Perché lo fanno?
Gli uomini maltrattanti più che un problema classico di gestione della rabbia hanno un problema col fatto che la loro compagna si arrabbi. Il pensiero è: “Tu non devi alzare la voce. Tu non puoi sentire rabbia!”. Questo è assolutamente parte di un quadro di sottomissione che si somma al controllo sulla compagna e sulla relazione in sé.
Un quadro in cui lui è irreprensibile: non è possibile rimarcargli nulla. Tra l'altro, questi uomini non sembrano degli aggressori visti dall'esterno: di solito vengono percepiti come persone gentili e amorevoli.
È interessante riscontrare che molte persone considerano normali comportamenti che spesso sono preludio di una degenerazione in senso violento della relazione. Ad esempio la gelosia e il controllo.

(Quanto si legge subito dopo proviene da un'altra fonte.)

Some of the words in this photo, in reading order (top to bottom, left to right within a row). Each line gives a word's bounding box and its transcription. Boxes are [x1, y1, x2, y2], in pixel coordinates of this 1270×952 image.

In genere, nella violenza domestica, che è quella più diffusa, si parte dal classico “stai zitta”: ovvero? Si parte da mere parole. Da un tono “sbagliato”. Seguite in genere da scuse e giustificazioni.

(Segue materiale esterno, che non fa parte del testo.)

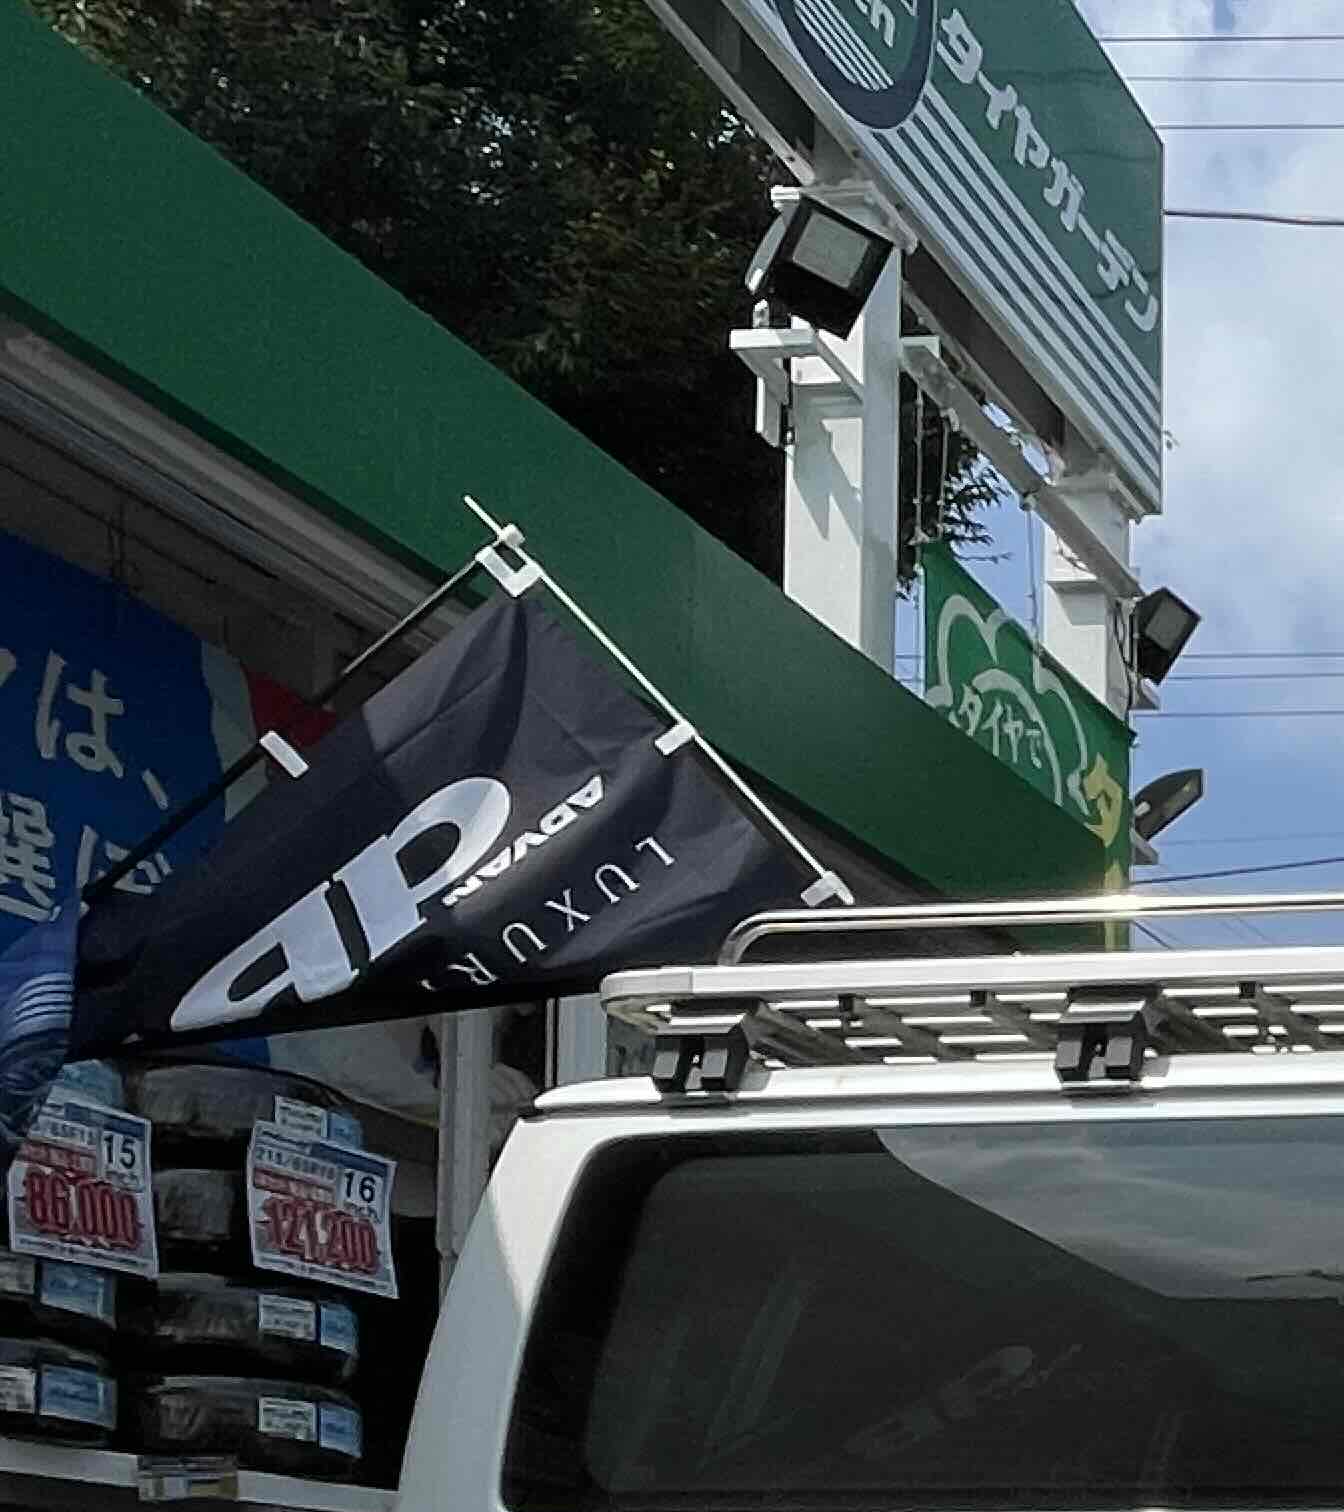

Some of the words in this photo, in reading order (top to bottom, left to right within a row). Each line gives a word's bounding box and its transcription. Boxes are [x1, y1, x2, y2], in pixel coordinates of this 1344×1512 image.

[441, 775, 604, 906] ADVAN
[420, 836, 676, 991] LUXUR
[104, 1134, 137, 1169] 15
[344, 1171, 377, 1203] 16

Ma poi il circolo vizioso riparte sino ad arrivare anche, purtroppo, per le donne che non sanno dire basta prima, alla violenza fisica.
E allora, che fare?
Muovere i primi passi verso un aiuto professionale.

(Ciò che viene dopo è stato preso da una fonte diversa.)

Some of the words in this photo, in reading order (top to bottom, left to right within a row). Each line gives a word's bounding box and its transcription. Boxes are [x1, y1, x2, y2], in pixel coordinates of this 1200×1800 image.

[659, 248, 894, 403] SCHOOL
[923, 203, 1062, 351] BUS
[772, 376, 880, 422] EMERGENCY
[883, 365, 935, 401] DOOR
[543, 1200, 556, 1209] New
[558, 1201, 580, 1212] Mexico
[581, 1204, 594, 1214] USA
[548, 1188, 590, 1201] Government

Perchè spesso anche la famiglia della vittima la spinge a restare col suo aggressore, e dunque non fa che consolidare una visione distorta della realtà, non favorendo il cambiamento necessario per la vittima.
Però non sempre la situazione arriva al limite, a volte, se preso in tempo, il problema può essere risolto anche con una terapia di coppia ad esempio, lavorando per ristabilire una comunicazione funzionale, un equilibrio e una reciprocità necessari per vivere bene insieme.
In quest’ottica dunque non c’è solo l’aiuto terapeutico per la vittima, ma anche per l’uomo maltrattante o per la coppia stessa.
E mi piace concludere così, con delle soluzioni, degli spiragli, delle prospettive costruttive che possano far riflettere su come e quando prendere in mano una situazione prima che degeneri, prima che si arrivi alla violenza.